And there, I would actually say everything about the model
is actually closer to the direction of like, you know,
it should mostly do what people want.
It should mostly follow these.
We're not trying to build something that like, you know,
goes off and runs the world on its own.
We're actually pretty far on the courageable side.
Now, what we do say is there are certain things that the model won't do, right?
That it's like, you know, that, that, that I think we say it in various ways in the Constitution, that under normal circumstances, if someone asks the model to do a task, it should do that task.
That should be the default.
But if you've asked it to do something dangerous or if you've, you know, if you've asked it to, you know, to kind of harm someone else, then the model is unwilling to do that.
So I actually think of it as like a mostly a mostly corrugable model that has some limits, but those limits are based on principles.
Yeah, I mean, then the fundamental question is how are those principles determined?
And this is not a special question for Anthropic.
This would be a question for any I company.
But because you have been the ones to actually write down the principles, I get to ask you this question.
Normally a constitution is like you write it down, it's set in stone, and there's a process of updating it.
and changing it and so forth.
In this case, it seems like a document
that people have been changed at any time
that guides the behavior of systems
that are going to be the basis
of a lot of economic activity.
What is the...
How do you think about how those principles
should be set?
Yes.
So I think there's two,
there's maybe three
kind of sizes of loop here, right?
Three ways to iterate.
One is you can iterate,
we iterate within anthropic
We train the model.
We're not happy with it.
And we kind of change the Constitution.
And I think that's good to do.
And, you know, putting out publicly, you know, making updates to the Constitution every once in a while saying, here's a new Constitution.
Right.
I think that's good to do because people can comment on it.
The second level of loop is different companies will have different constitutions.
And, you know, I think it's useful for, like, Anthropic puts out a Constitution and, you know, the Gemini model puts out a Constitution.
And, you know, other companies put out a constitution.
and then they can kind of look at them, compare, outside observers can critique and say, this, I like this one, this thing from this constitution and this thing for that constitution.
And then kind of that creates some kind of, you know, soft incentive and feedback for all the companies to like take the best of each elements and improve.
Then I think there's a third loop, which is, you know, society beyond the AI companies and beyond just those who kind of, you know, who comment on the constitutions without hard power.
And there, you know, we've done some experiments like, you know, a couple years ago we did an experiment with, I think it was called the Collective Intelligence Project to like, you know, to basically poll people and ask them what should be in our AI Constitution.
And, you know, I think at the time we incorporated some of those changes.
And so you could imagine with the new approach we've taken to the Constitution doing something like that, it's a little harder because it's like that was actually an easier approach to take when the Constitution was like a list of do's and don'ts.
At the level of principles, it has to have a certain amount of coherence.
But you could still imagine getting views from a wide variety of people.
And I think you could also imagine, and this is like a crazy idea, but hey, you know,
this whole interview is about crazy ideas, right?
So, you know, you could even imagine systems of kind of representative government having input, right?
Like, you know, I wouldn't do this today because the legislative process is so slow.
Like, this is exactly why I think we should be careful about the legislative.
process and AI regulation.
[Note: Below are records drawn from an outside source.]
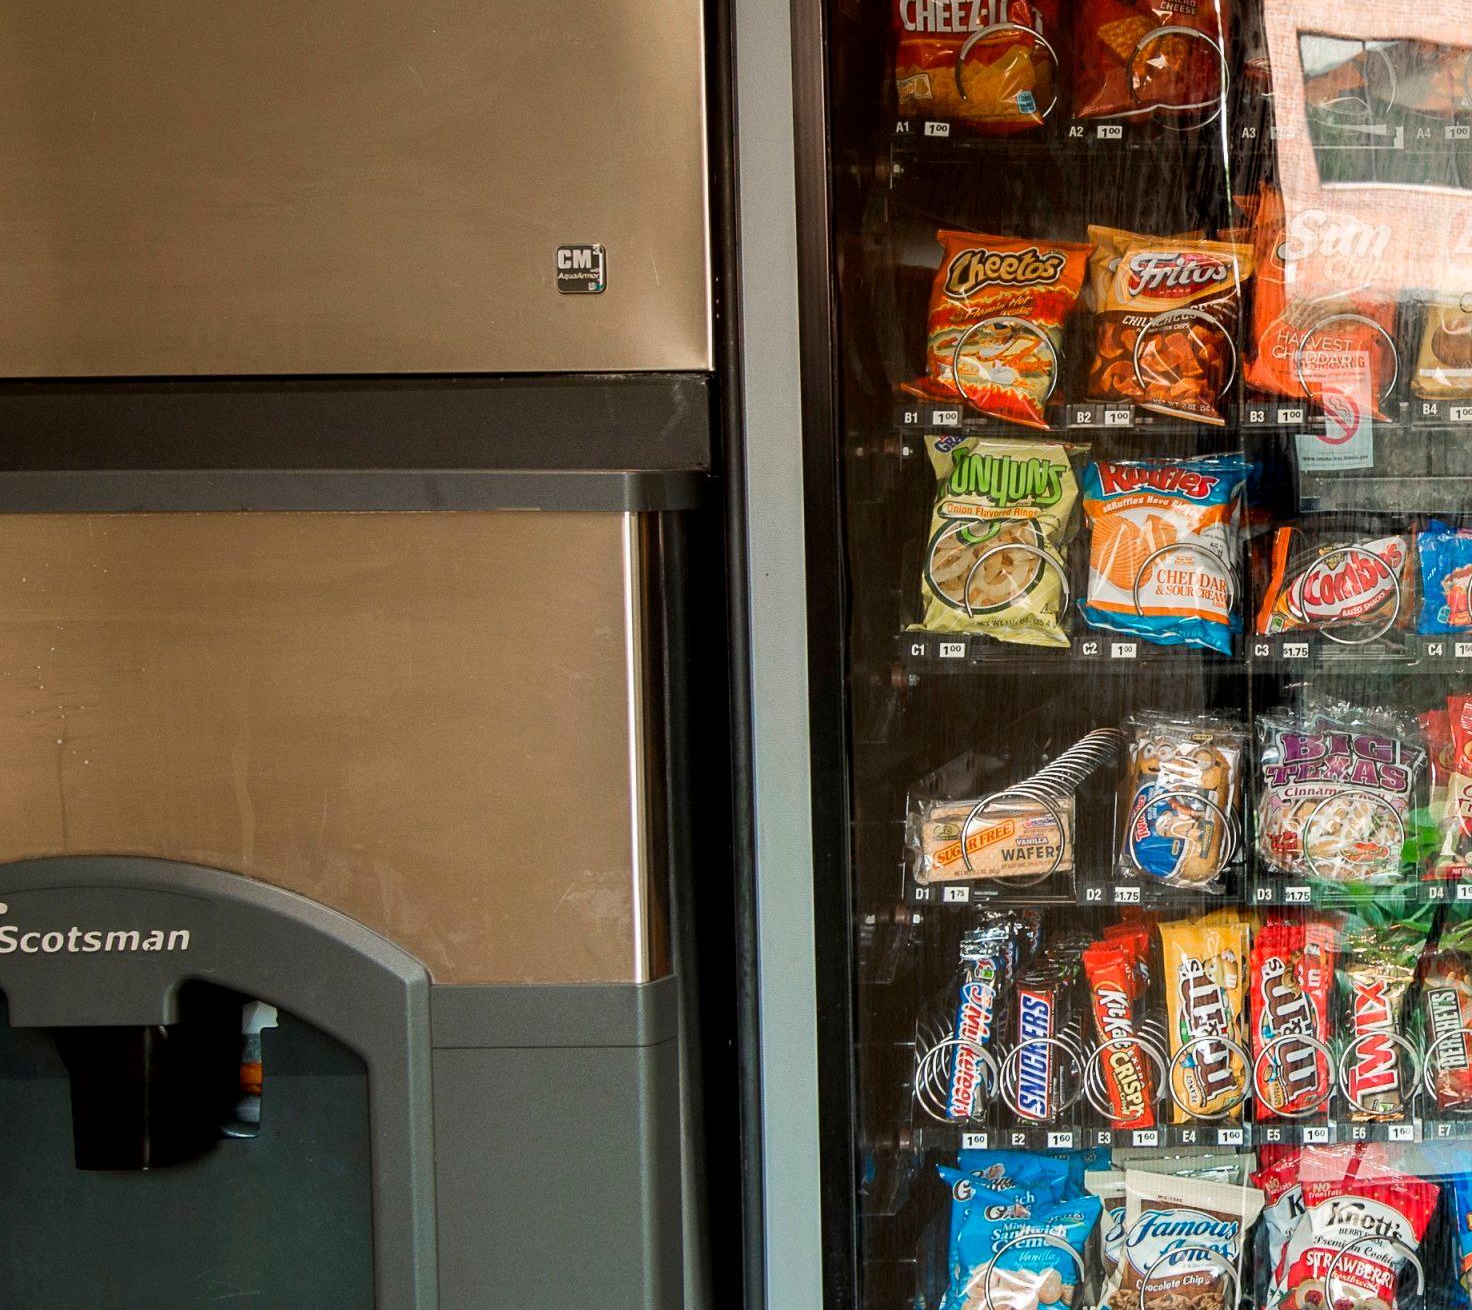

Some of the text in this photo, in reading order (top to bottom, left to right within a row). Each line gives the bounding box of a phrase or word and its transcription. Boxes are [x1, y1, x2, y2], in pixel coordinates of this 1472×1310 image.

[1160, 1, 1198, 16] CHEESE
[896, 122, 910, 133] A1
[1069, 125, 1083, 137] A2
[1242, 127, 1256, 138] A3
[1417, 127, 1431, 139] A4
[945, 247, 1068, 297] Cheetos
[1129, 252, 1227, 296] Fritos
[1423, 403, 1437, 415] B4
[904, 412, 918, 424] B1
[1077, 411, 1091, 423] B2
[1250, 411, 1265, 423] B3
[1098, 461, 1219, 499] Ruffles
[947, 503, 972, 515] Onion
[975, 506, 1011, 517] Flavored
[912, 645, 925, 656] C1
[1083, 643, 1098, 655] C2
[1255, 645, 1269, 656] C3
[1284, 647, 1308, 657] $1.75
[1428, 644, 1443, 655] C4
[1280, 734, 1394, 764] BIG
[1266, 757, 1407, 791] TEXAS
[1016, 837, 1048, 845] VANILLA
[916, 889, 929, 900] D1
[1087, 889, 1101, 900] D2
[1116, 892, 1139, 900] $1.75
[1258, 889, 1272, 900] D3
[1430, 888, 1444, 898] D4
[1430, 991, 1466, 1070] HERSHEY'S
[1350, 980, 1398, 1106] TWIX
[1020, 995, 1048, 1117] SNICKERS
[1110, 1051, 1145, 1117] CRISPY
[1183, 1131, 1196, 1142] E4
[1268, 1130, 1280, 1141] E5
[1353, 1127, 1366, 1139] E6
[1438, 1125, 1451, 1136] E7
[1012, 1134, 1025, 1145] E2
[1098, 1132, 1111, 1143] E3
[1327, 1201, 1403, 1239] Knott's
[992, 1225, 1068, 1241] Sandwich
[1127, 1209, 1239, 1247] Famous
[1339, 1228, 1363, 1237] BERRY
[1019, 1251, 1055, 1262] Vanilla
But there's no reason you couldn't in principle say like,
you know, all AI, you know, all AI models have to have a constitution that starts with like
these things. And then like you can append, you can append other things after it. But like there
has to be this special section that like takes precedent. I wouldn't do that. That's too rigid.
That sounds, you know, that that that sounds kind of overly prescriptive in a way that I think
overly aggressive legislation is. But like that is a thing you could, you know, like,
Like, that is a thing you could try to do.
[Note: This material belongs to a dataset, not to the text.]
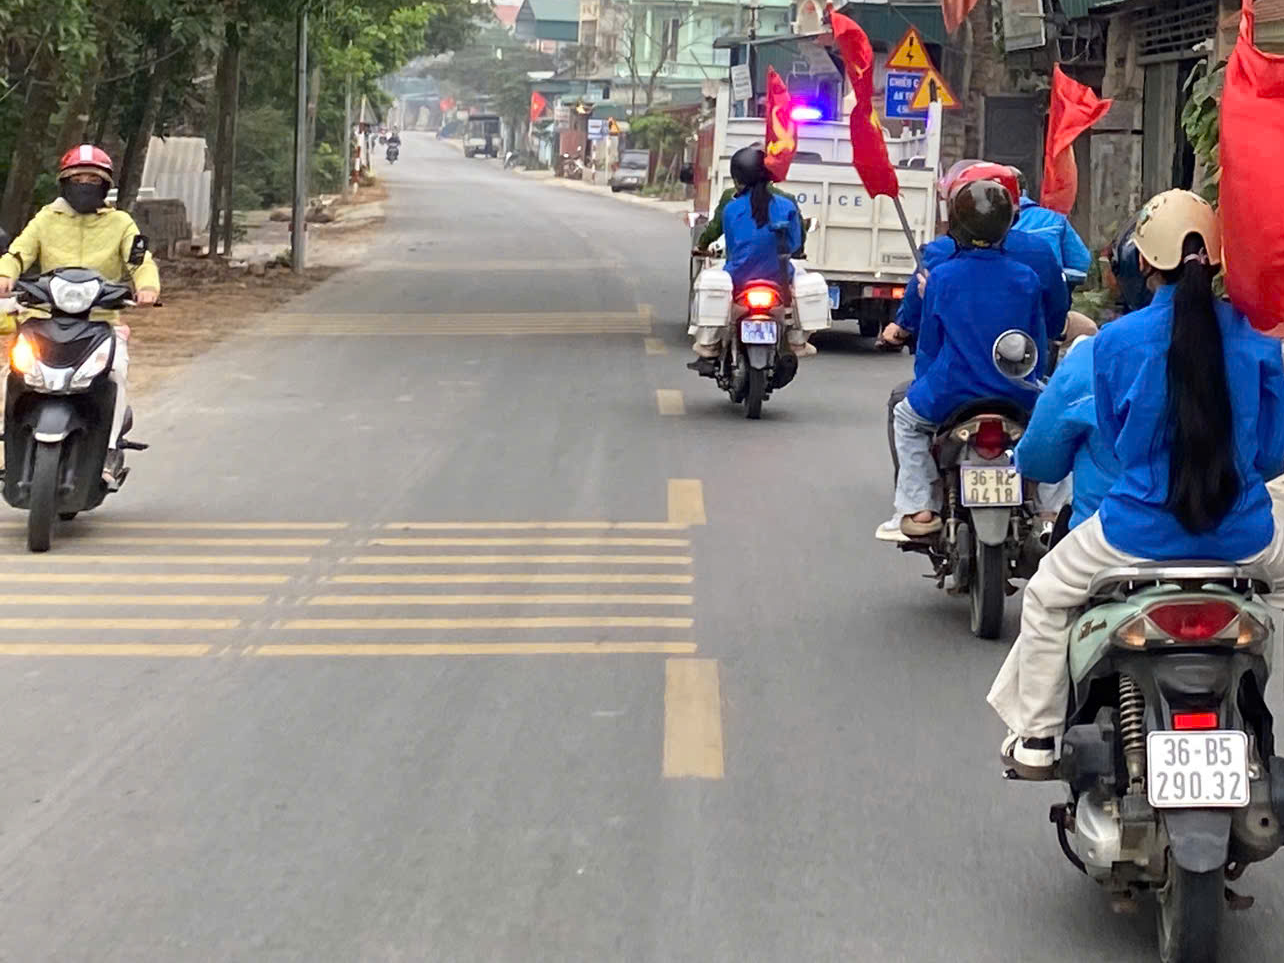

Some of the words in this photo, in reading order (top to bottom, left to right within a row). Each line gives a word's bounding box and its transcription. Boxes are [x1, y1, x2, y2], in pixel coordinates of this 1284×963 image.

[796, 192, 863, 207] OLICE
[971, 487, 1013, 503] 0418
[1164, 737, 1232, 766] 36-B5
[1156, 771, 1241, 800] 290.32
Is there some much less heavy-handed version of that?
Maybe.
I really like Control Loop, too, where obviously this is not how constitutions of actual governments do or should work, where there's not this vague sense in which the Supreme Court will feel out how people are feeling and what are the vibes and then update the constitution accordingly.
So with actual governments, there's a more procedural process.
Yeah, exactly.
But you actually have a vision of.
competition between constitutions, which is actually very reminiscent of how some libertarian charter
city's people used to talk about what an archipelago of different kinds of governments would
look like. And then there would be selection among them of who could operate the most effectively
in which place people would be the happiest. And in a sense, you're actually, yeah,
there's this vision. I'm kind of recreating that. Yeah, yeah. Like the same utopia of archipelagos.
Again, you know, I think that vision has, you know, things to recommend it and things that
things that will kind of go wrong with it.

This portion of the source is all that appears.